Records for the task:
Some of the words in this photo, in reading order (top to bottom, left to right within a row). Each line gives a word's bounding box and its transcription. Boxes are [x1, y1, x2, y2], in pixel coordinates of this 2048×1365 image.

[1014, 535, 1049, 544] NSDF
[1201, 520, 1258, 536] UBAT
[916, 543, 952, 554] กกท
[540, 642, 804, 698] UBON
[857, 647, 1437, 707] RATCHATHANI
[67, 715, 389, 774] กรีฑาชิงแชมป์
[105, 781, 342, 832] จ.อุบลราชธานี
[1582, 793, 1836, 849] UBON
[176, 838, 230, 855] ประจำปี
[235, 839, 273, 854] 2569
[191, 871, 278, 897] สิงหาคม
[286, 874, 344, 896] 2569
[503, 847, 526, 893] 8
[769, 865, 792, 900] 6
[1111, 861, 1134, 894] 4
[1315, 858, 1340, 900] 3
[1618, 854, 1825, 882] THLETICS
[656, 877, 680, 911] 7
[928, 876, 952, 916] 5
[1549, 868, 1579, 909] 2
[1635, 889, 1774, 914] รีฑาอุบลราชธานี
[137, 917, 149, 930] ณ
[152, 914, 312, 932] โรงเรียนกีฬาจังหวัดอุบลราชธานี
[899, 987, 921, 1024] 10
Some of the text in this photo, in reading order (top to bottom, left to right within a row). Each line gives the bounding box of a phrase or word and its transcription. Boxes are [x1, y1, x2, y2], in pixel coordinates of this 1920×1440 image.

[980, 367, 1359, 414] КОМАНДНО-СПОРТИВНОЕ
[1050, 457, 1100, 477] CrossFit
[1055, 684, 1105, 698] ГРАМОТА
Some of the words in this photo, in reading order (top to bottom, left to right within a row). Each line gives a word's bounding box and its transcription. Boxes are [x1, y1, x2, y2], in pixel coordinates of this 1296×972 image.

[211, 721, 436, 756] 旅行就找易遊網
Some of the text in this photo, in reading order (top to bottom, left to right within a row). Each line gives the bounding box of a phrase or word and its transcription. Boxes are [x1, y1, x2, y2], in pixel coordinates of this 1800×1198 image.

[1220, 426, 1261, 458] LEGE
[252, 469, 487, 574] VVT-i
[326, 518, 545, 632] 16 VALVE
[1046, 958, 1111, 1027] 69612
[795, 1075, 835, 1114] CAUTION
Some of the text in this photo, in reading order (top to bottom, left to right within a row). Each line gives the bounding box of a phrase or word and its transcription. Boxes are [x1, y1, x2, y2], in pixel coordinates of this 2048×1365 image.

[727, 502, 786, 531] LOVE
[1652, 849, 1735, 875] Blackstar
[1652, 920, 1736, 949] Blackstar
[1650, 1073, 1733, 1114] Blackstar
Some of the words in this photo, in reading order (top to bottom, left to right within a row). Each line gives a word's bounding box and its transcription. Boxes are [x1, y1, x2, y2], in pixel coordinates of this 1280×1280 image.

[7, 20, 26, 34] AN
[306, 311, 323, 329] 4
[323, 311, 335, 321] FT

Instructions for the task:
Once more, write out the entries exactly as they were written.

Exercise output:
Some of the words in this photo, in reading order (top to bottom, left to right within a row). Each line gives a word's bounding box and its transcription. Boxes are [x1, y1, x2, y2], in pixel coordinates of this 2048×1365 image.

[1014, 535, 1049, 544] NSDF
[1201, 520, 1258, 536] UBAT
[916, 543, 952, 554] กกท
[540, 642, 804, 698] UBON
[857, 647, 1437, 707] RATCHATHANI
[67, 715, 389, 774] กรีฑาชิงแชมป์
[105, 781, 342, 832] จ.อุบลราชธานี
[1582, 793, 1836, 849] UBON
[176, 838, 230, 855] ประจำปี
[235, 839, 273, 854] 2569
[191, 871, 278, 897] สิงหาคม
[286, 874, 344, 896] 2569
[503, 847, 526, 893] 8
[769, 865, 792, 900] 6
[1111, 861, 1134, 894] 4
[1315, 858, 1340, 900] 3
[1618, 854, 1825, 882] THLETICS
[656, 877, 680, 911] 7
[928, 876, 952, 916] 5
[1549, 868, 1579, 909] 2
[1635, 889, 1774, 914] รีฑาอุบลราชธานี
[137, 917, 149, 930] ณ
[152, 914, 312, 932] โรงเรียนกีฬาจังหวัดอุบลราชธานี
[899, 987, 921, 1024] 10
Some of the text in this photo, in reading order (top to bottom, left to right within a row). Each line gives the bounding box of a phrase or word and its transcription. Boxes are [x1, y1, x2, y2], in pixel coordinates of this 1920×1440 image.

[980, 367, 1359, 414] КОМАНДНО-СПОРТИВНОЕ
[1050, 457, 1100, 477] CrossFit
[1055, 684, 1105, 698] ГРАМОТА
Some of the words in this photo, in reading order (top to bottom, left to right within a row). Each line gives a word's bounding box and its transcription. Boxes are [x1, y1, x2, y2], in pixel coordinates of this 1296×972 image.

[211, 721, 436, 756] 旅行就找易遊網
Some of the text in this photo, in reading order (top to bottom, left to right within a row). Each line gives the bounding box of a phrase or word and its transcription. Boxes are [x1, y1, x2, y2], in pixel coordinates of this 1800×1198 image.

[1220, 426, 1261, 458] LEGE
[252, 469, 487, 574] VVT-i
[326, 518, 545, 632] 16 VALVE
[1046, 958, 1111, 1027] 69612
[795, 1075, 835, 1114] CAUTION
Some of the text in this photo, in reading order (top to bottom, left to right within a row). Each line gives the bounding box of a phrase or word and its transcription. Boxes are [x1, y1, x2, y2], in pixel coordinates of this 2048×1365 image.

[727, 502, 786, 531] LOVE
[1652, 849, 1735, 875] Blackstar
[1652, 920, 1736, 949] Blackstar
[1650, 1073, 1733, 1114] Blackstar
Some of the words in this photo, in reading order (top to bottom, left to right within a row). Each line gives a word's bounding box and its transcription. Boxes are [x1, y1, x2, y2], in pixel coordinates of this 1280×1280 image.

[7, 20, 26, 34] AN
[306, 311, 323, 329] 4
[323, 311, 335, 321] FT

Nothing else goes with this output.